Yves Engler brings NDP leadership bid to Kingston

Engler speaks on pro-Palestinian and anti-capitalist agenda

Image by: Jonathan Reilly
Engler speaking at the Spire in Kingston on his provincial tour.

NDP leadership candidate Yves Engler made a stop in Kingston, pitching a campaign he described as anti-capitalist.

His Kingston stop was part of a broader Ontario tour that started on Aug. 31 in Toronto. It involved visits to Hamilton, St. Catharines, and London, before wrapping up in Kingston. The event started at 6:30 p.m. at the Spire, with roughly 35 individuals in attendance to hear a speech about his platform and partake in a question-and-answer period.

At the event, former Canadian Union of Postal Workers president and Engler’s campaign communications director, Mike Palecek, spoke about Engler’s platform. He discussed Engler’s ideas of turning Real Estate Investment Trusts into social housing, forgiving outstanding student debts, and making university tuition free.

Engler confirmed these priorities in an interview with The Journal, linking them directly to questions of federal spending.

“We need to get rid of tuition, and we need to abolish student debt; it’s something like 23 billion,” he said. “Just this year, it’s about $12 billion in added military spending just this one year. $9 billion on top of what was already a $3 billion increase. […] I prefer allocating resources to education [rather] than bombs and tanks.”

“Massively increasing investment in public and social housing and turning the corporate-owned and mutual fund-owned housing into co-ops is going to be particularly beneficial to younger people.”

He also criticized the NDP’s previous electoral strategy while emphasizing his goal for more progressive change.

“The NDP went with a very conservative platform and disposition and was basically crushed,” he said. “There’s an appetite within the party of questioning the political direction in Canada and Canadian foreign policy generally.”

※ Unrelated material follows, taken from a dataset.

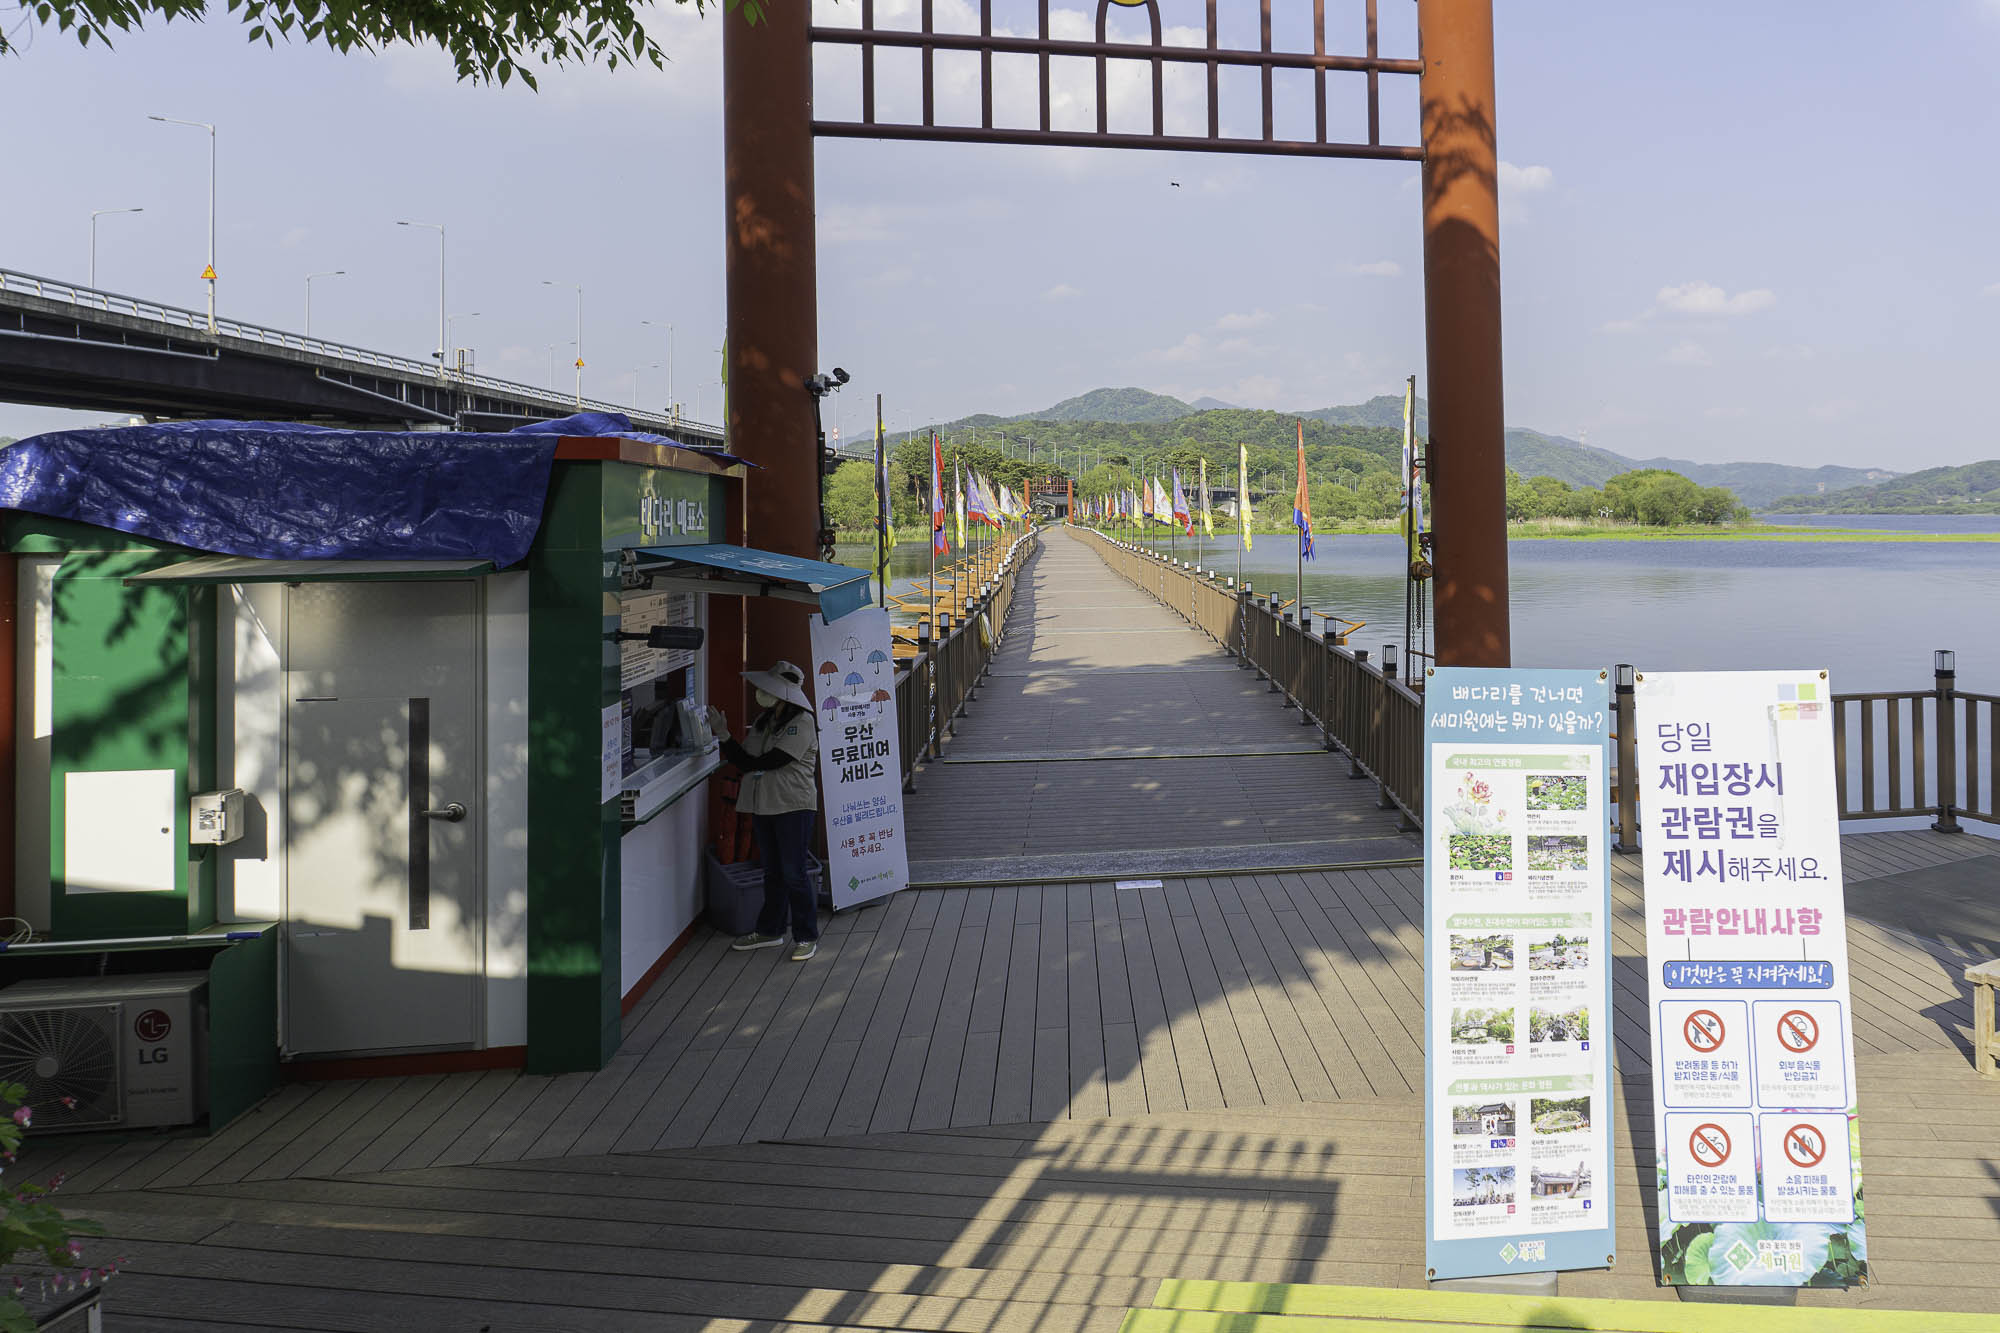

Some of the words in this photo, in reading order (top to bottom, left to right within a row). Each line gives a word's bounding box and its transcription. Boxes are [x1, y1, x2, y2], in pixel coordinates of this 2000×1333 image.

Engler connected his leadership run to Canada’s role in international conflicts, arguing for Canada to end its alleged complicity in Israel’s war in Gaza, adding “our government is completely enabling these horrors, this live stream Holocaust, really. We need to stop that, we need to oppose that, we need to end that,” Engler said in his speech.

He later pledged to confront Canadian military spending and what he described as bipartisan consensus on foreign policy, citing his plan to “[call] for the Canadian government to stop treating Israel as this unique special case.”

Another theme Engler focused on during his speech was housing affordability—something he also touched on in his interview.

Engler also spoke to the race itself, adding he feels he’s well-positioned to meet the party’s nomination requirements.

“I’m very confident that we’re going to fulfill the requirements to be nominated,” he said in the interview. “We’re far past the signatures, and I think we’re going to have no problem getting the first installment of $25,000 [through donations] to be part of the race.”

However, Engler acknowledged the party’s vetting process could prove challenging to getting him on the ballot for party leader.

“There’s a lot of power that’s just been kind of given over to the party to make [what] appears to be fairly arbitrary decisions. We know that there are people in the party establishment that are not keen on the campaign.”

The event wrapped up after about an hour of Engler speaking to the audience with a question-and-answer period.

The NDP Leadership Election will take place on March 29, 2026.